# Work required
Retype the entries below word for word, leaving out every picture.

# Data for the task
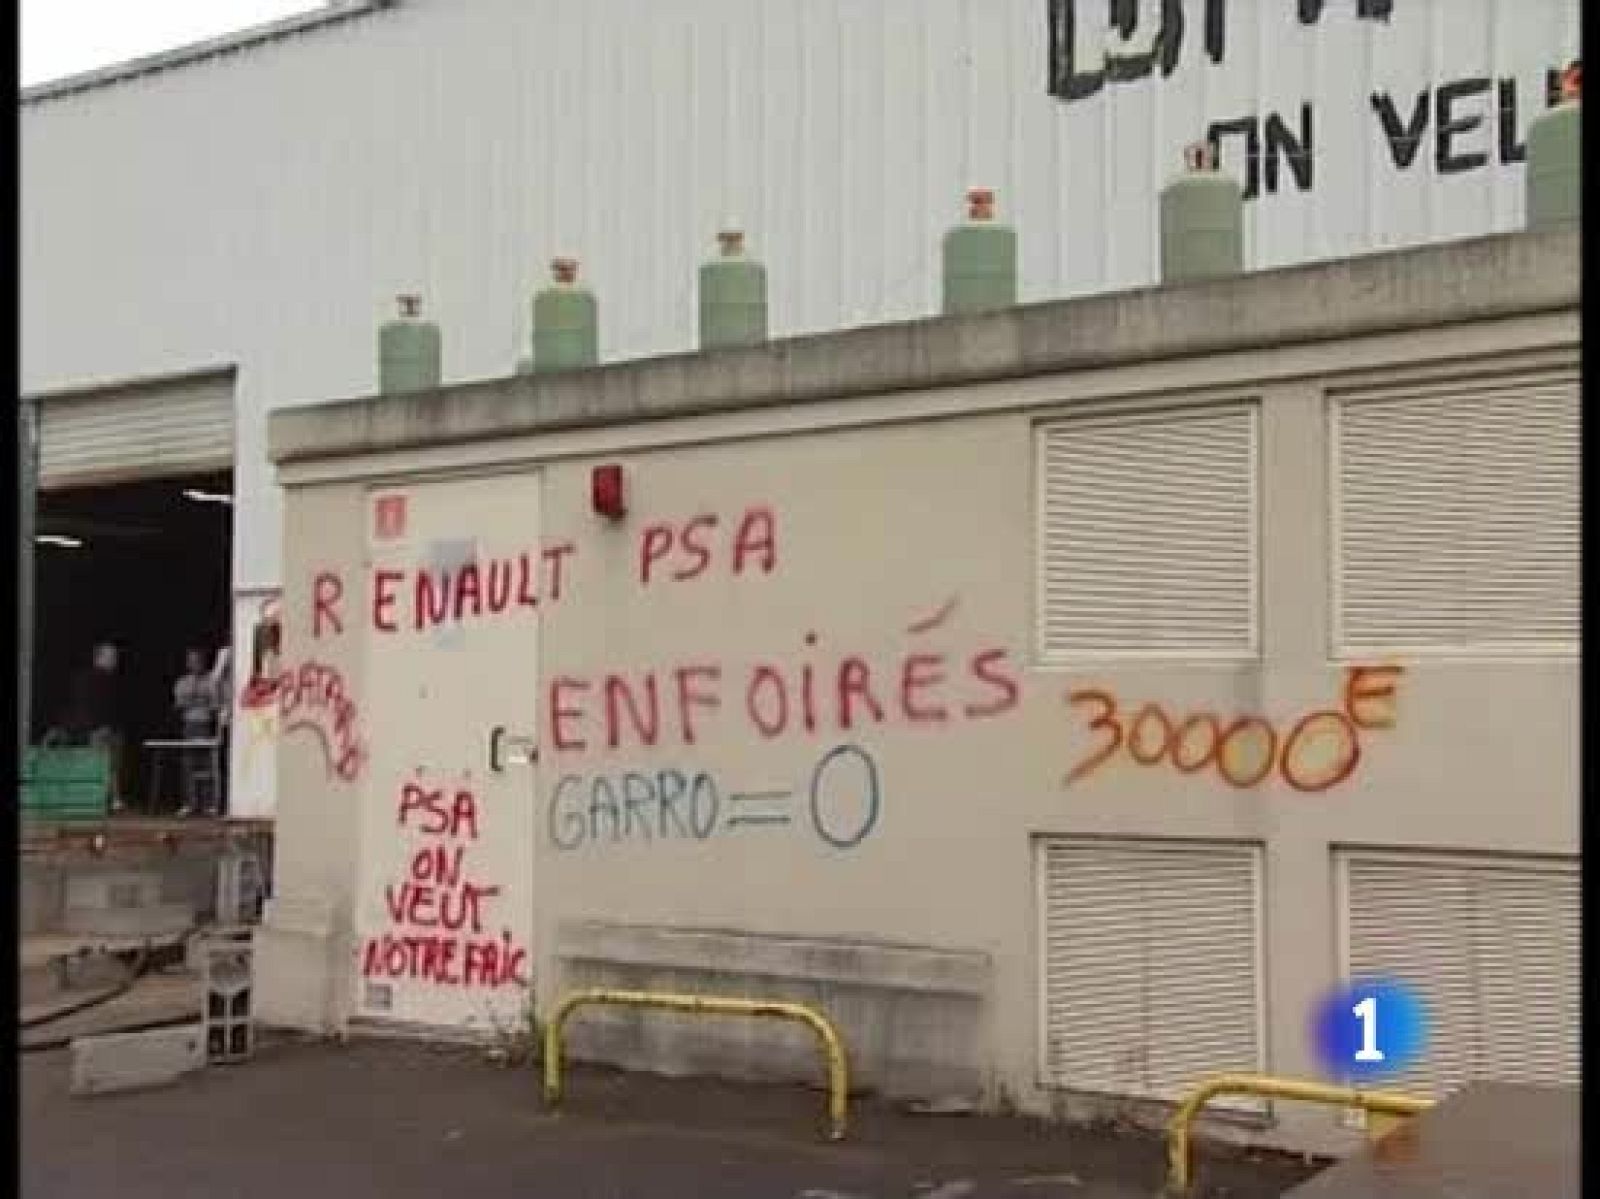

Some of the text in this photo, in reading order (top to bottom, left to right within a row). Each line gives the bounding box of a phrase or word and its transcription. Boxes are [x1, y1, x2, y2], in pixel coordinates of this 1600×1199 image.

[638, 507, 777, 583] PSA
[398, 782, 478, 839] PSA
[412, 846, 464, 886] ON
[385, 882, 499, 934] VEUT

# Reply
Some of the text in this photo, in reading order (top to bottom, left to right within a row). Each line gives the bounding box of a phrase or word and its transcription. Boxes are [x1, y1, x2, y2], in pixel coordinates of this 1600×1199 image.

[638, 507, 777, 583] PSA
[398, 782, 478, 839] PSA
[412, 846, 464, 886] ON
[385, 882, 499, 934] VEUT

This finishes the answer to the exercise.